Tuesday 19 May 2009

Words Not In T9- Or, A deep psychological journey into my brain....

What was going to be a relatively concise rant about how stupid T9 is, has changed into something altogether more sinister.

First of all, just quickly, I'd like to express my infuriation at the particular brand of predictive text in my SGH J700. Don't get me wrong- predictive text is a great concept and saves time. But why, was this brilliant concept tarnished so shamelessly with the brush of idiocy?

Why does my phone give me "nun" before "mum"? Why doesn't it remember that I NEVER use the word 'nun' in text conversation? Why do I have to spell expletives? (Particularly hate that one. By virtue of the fact that you're swearing, in a text, you must be pretty annoyed. Having to manually write the word serves to further exasperate the typee.) Words that I DO type out seem to be forgotten within 5 or 10 texts anyway....


Now that I've got that off my chest, here's the main point of this post.

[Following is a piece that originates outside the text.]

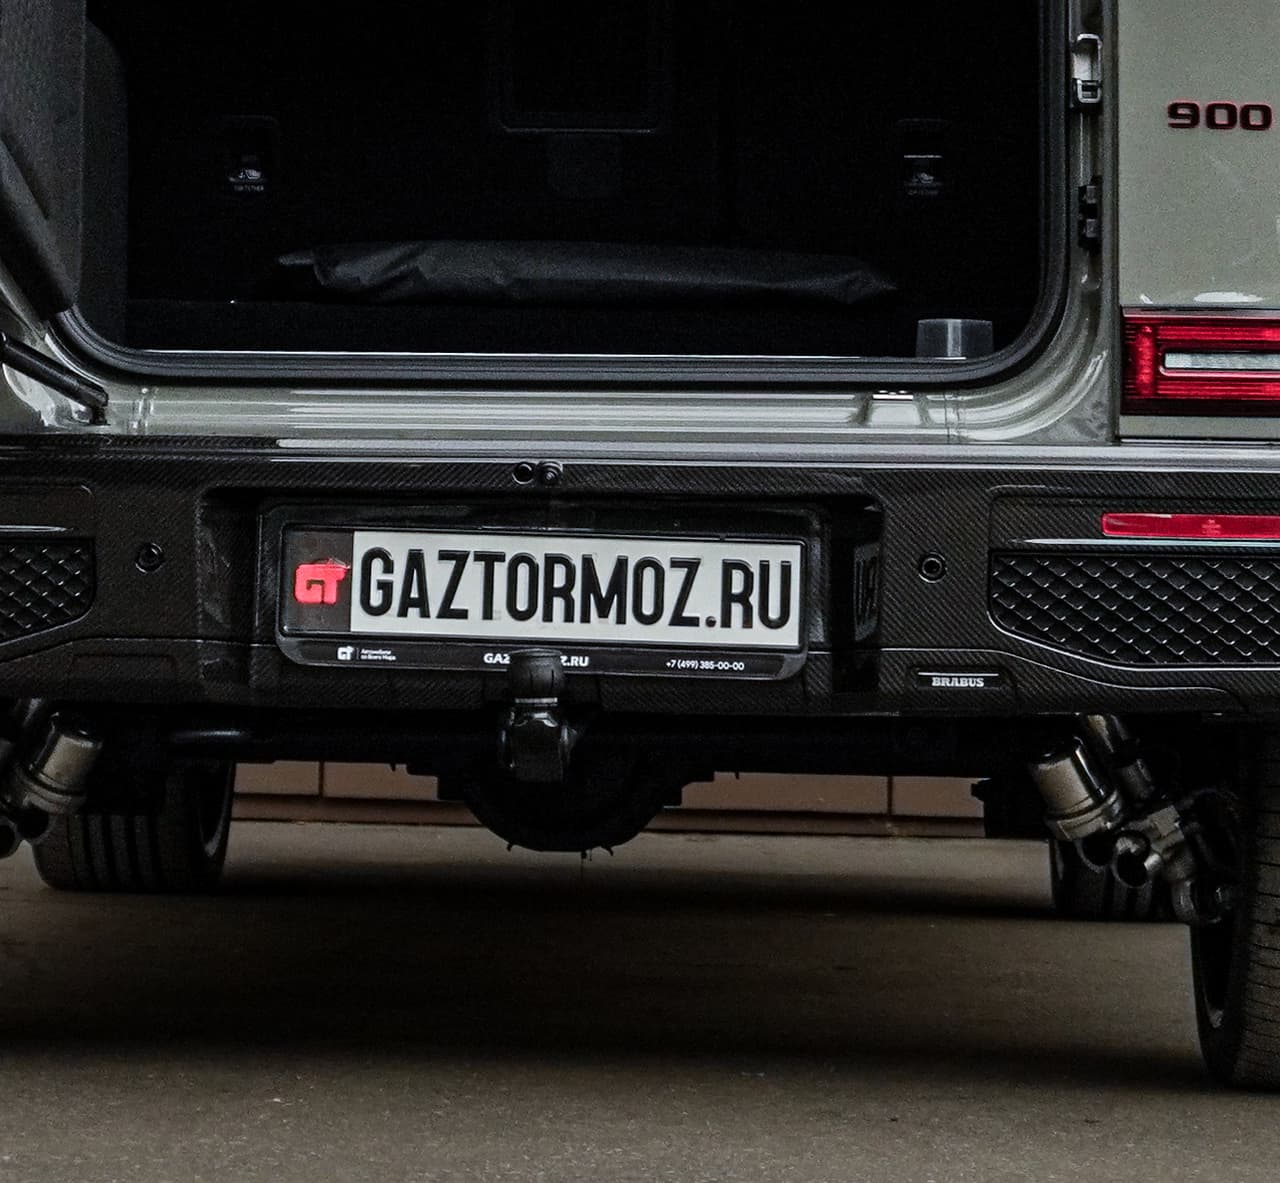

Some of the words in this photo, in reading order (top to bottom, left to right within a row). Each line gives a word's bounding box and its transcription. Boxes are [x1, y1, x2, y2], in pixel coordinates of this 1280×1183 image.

I've compiled over the last few weeks, a list of (what I consider) obvious words not contained within my phone's T9. I THOUGHT I could use this as a further ranting-implement. Actually, I've ended up with a very weird look at my own personality. Some of the following are completely understandable. Some, I'm struggling to remember why I ever thought of sending them in a text message....


Words not in T9:


Grandad

Trampoline

Claire

nano

cretin

tinned

georgie

aubergine <---(came out as "cubeshines")

emotionless

fuck

Kiwi

Hamster

bruno

firefly

candelabra

magyar

rastafarian



I mean.... Kiwi?

Tinned??

What was I thinking?


There's a challenge.

Best implementation of the weirder words in a possible text wins. Entries below please. Bonus for using every word in the list in one vaguely comprehensible example.